Dear all,
I haven't had time to follow all the discussion in detail, but in
general I think CF should not add additional complexity unless the
current way of encoding time is incomplete. As far as I know the
encoding is indeed complete and given correct specification of the units
(which include basetime) and a calendar, the calendar date/time can be
calculated. This indeed requires a smart library, but I think that Bob
Drach's CDMS correctly performs such a calculation.
I'll try to go back and read the arguments, but I think I agree with
most of what Steve Hankin has said.
Best regards,
Karl
On 3/21/11 10:14 AM, Steve Hankin wrote:
On 3/17/2011 5:20 PM, John Caron wrote:
On 3/17/2011 12:19 PM, Steve Hankin wrote:
On 3/17/2011 9:50 AM, Christopher Barker wrote:
On 3/16/11 8:47 AM, John Caron wrote:
1. time instants vs time duration
- one must distinguish between dimensional time ("time duration",
units="secs"), and calendar time ("time instant", or "point on the
time
continuum") *which is not dimensional. *
yup -- key clarification in all this.
I think we are leading ourselves astray here. _A point in time has a
dimension._ It has dimensions of "time". Whether the units happen
to be days, months, years or whatever depends upon the encoding.
But it definitely has dimensions of time.
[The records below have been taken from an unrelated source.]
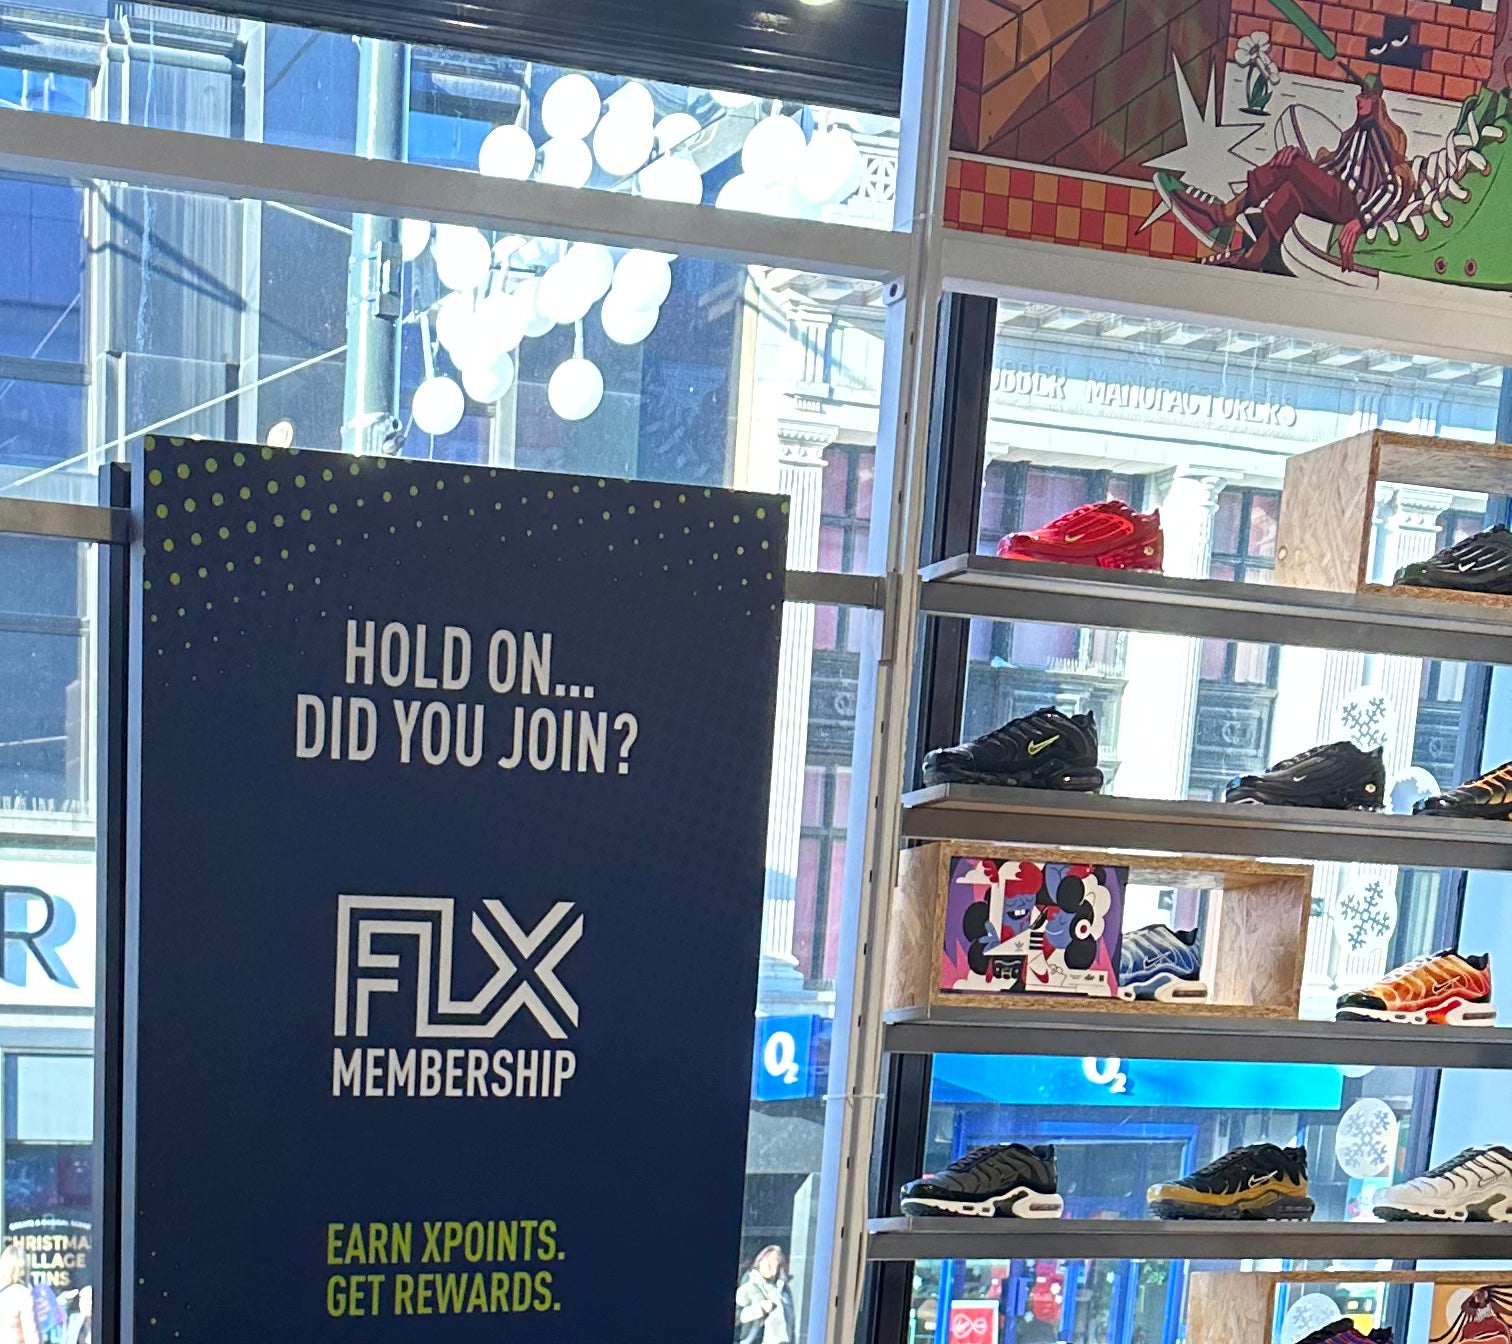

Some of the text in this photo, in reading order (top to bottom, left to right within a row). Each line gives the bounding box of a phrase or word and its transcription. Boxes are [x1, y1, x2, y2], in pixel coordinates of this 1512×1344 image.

[345, 619, 595, 698] HOLD ON...
[296, 694, 639, 775] DID YOU JOIN?
[334, 894, 584, 1039] FLX
[333, 1047, 577, 1098] MEMBERSHIP
[327, 1219, 566, 1265] EARN XPOINTS.
[326, 1271, 561, 1318] GET REWARDS.
The date-time string
loses its meaning if we see it as detached from the axis that gives
it a dimensionality.
in "dimensional units", "secs" is a base dimensional unit, and it
means "duration", eg watts = joules/sec, the sec is a time duration,
not an instant of time.
"time" is not a dimensional unit, it refers to a point on the time
continuum. it does not have dimensional units of "secs", that is, it
cannot be converted to a duration in "secs".
Hi John,
Beg to differ on these most fundamental of issues. *All times* (all
"points on the time continuum") indicate intervals. Typical
date-time strings (e.g. "21-MAR-2011:10:10") are an artfully contrived
way of stating an interval of time relative to a precise zero
reference that is 2011+ years ago, while still retaining high
resolution (fractions of seconds) in that interval measurement. But
perhaps this is not a point to pursue much deeper without beer in hand.
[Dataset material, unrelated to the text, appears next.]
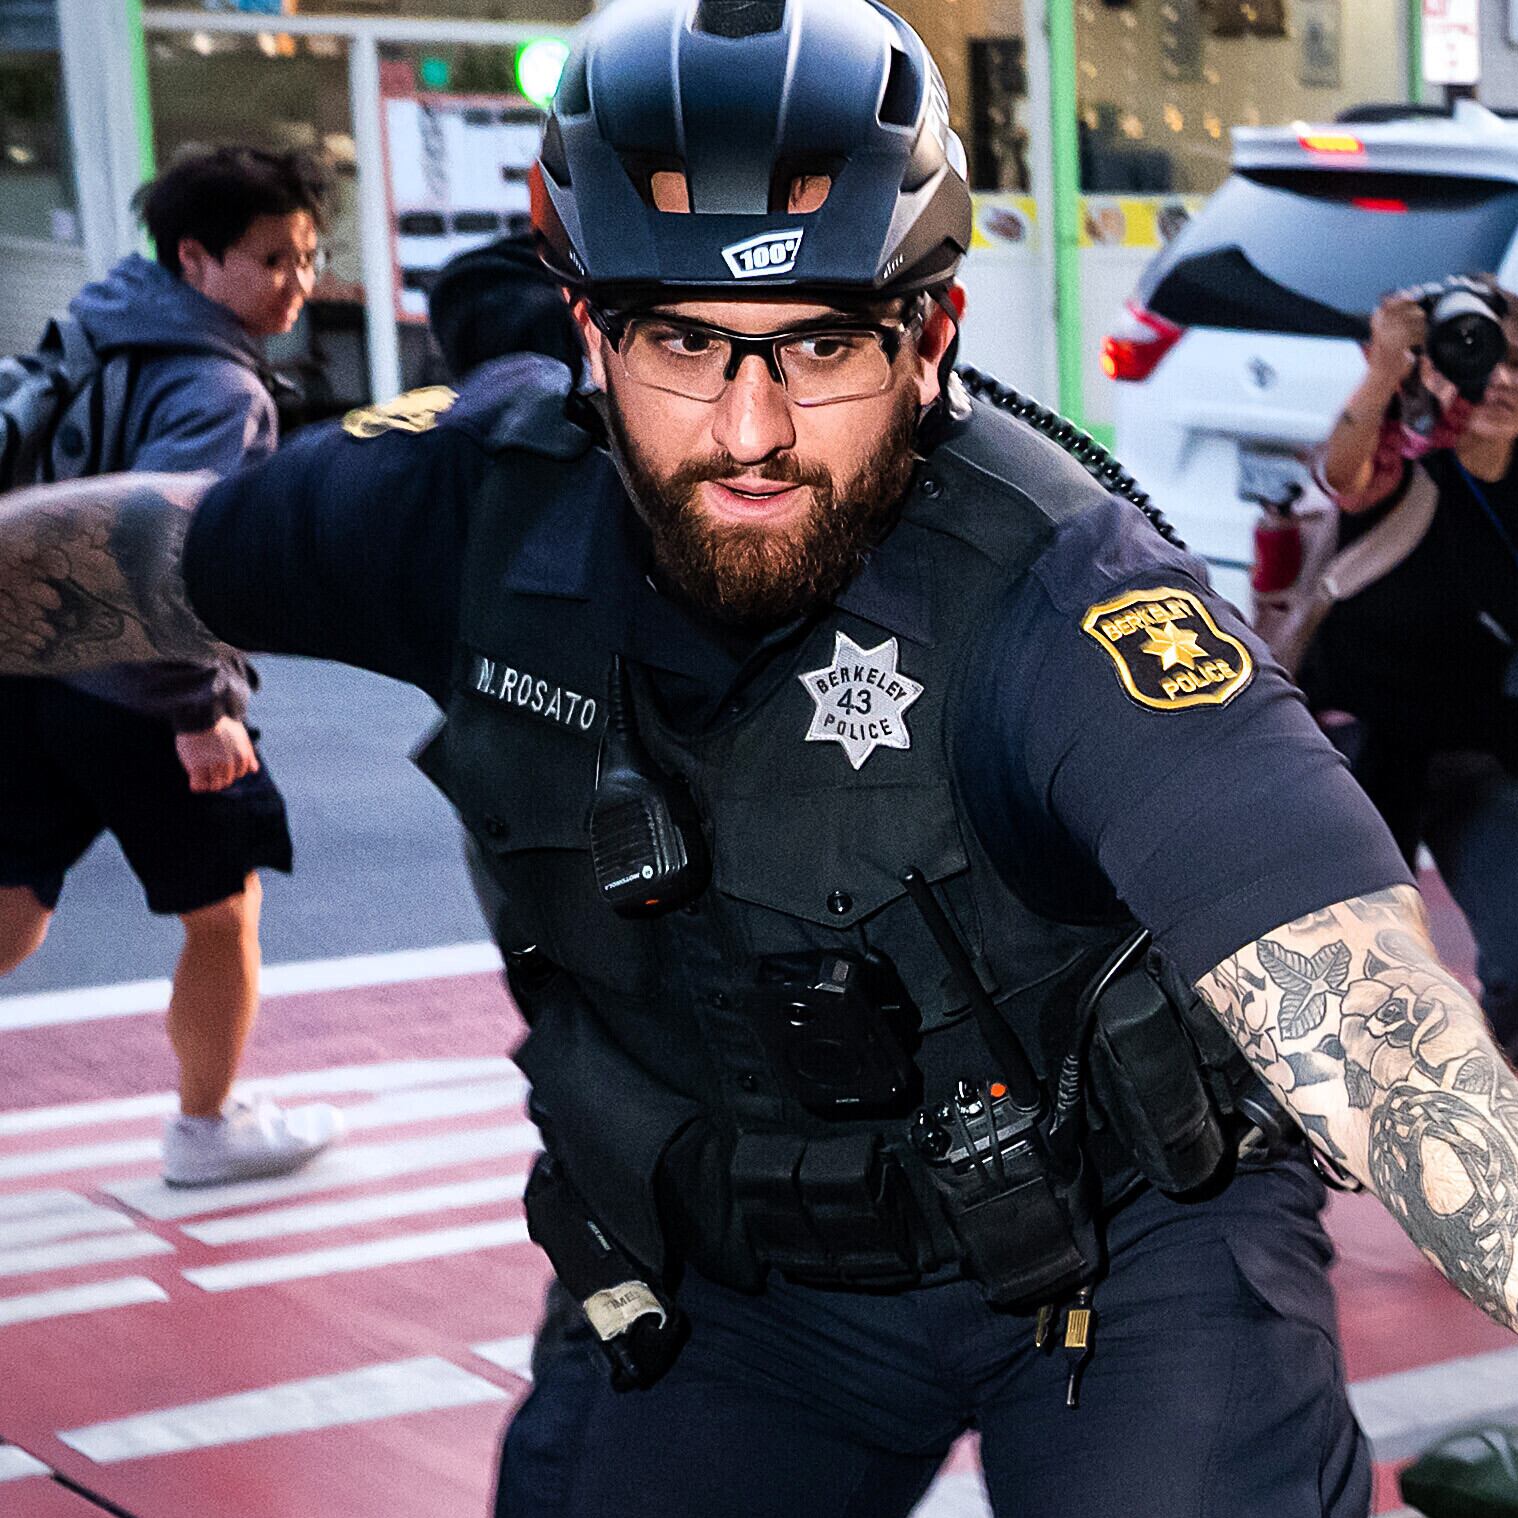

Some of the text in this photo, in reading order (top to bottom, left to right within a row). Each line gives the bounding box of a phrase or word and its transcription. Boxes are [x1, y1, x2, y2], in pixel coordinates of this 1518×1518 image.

[816, 665, 908, 702] BERKELEY
[1159, 658, 1239, 701] POLICE
[836, 688, 873, 716] 43
[823, 712, 893, 741] POLICE
To me the most important point is just this: before proposing new
libraries and new data models, there should be an effort to see
whether there is any functionality that cannot be very satisfactorily
handled by adding some convenience methods to the encodings that CF
and udunits have already standardized.
- Steve
however it can be represented as "duration since calendar time", and
the machinery of dimensional units can be used for the duration part.
but theres still that "calendar time" part of udunits "time unit"
handling, and udunits does the very simplest handling it can.
hmm, can i add any more "quotes" ??
anyway this is why udunits cant be incrementally extended to do more
better time unit handling, we need more sophisticated calendar
handling. im sure there are other libraries that have some or most of
this solved (cdtime has some), and i think we should find those and
build a reference library. We could, for sure, add this new stuff
into udunits, but the point is that we need new stuff.
currently CF references udunits as the reference library for time,
and while reference libraries are not strictly needed, in practice
they are Very Good.
There are two ways in which dimensions (positions and intervals) can
be handled. Each of them is self-consistent:
1. *represent positions as strings*.
* Then create special functions to compute the implied
distance between those string representations. In this
outlook units must be specified when the interval is
computed.
2. *represent positions with a zero reference, and an offset value.*
* Then create special functions to generate formatted
strings representing positions along the axis. In this
outlook units must be stored with the representation.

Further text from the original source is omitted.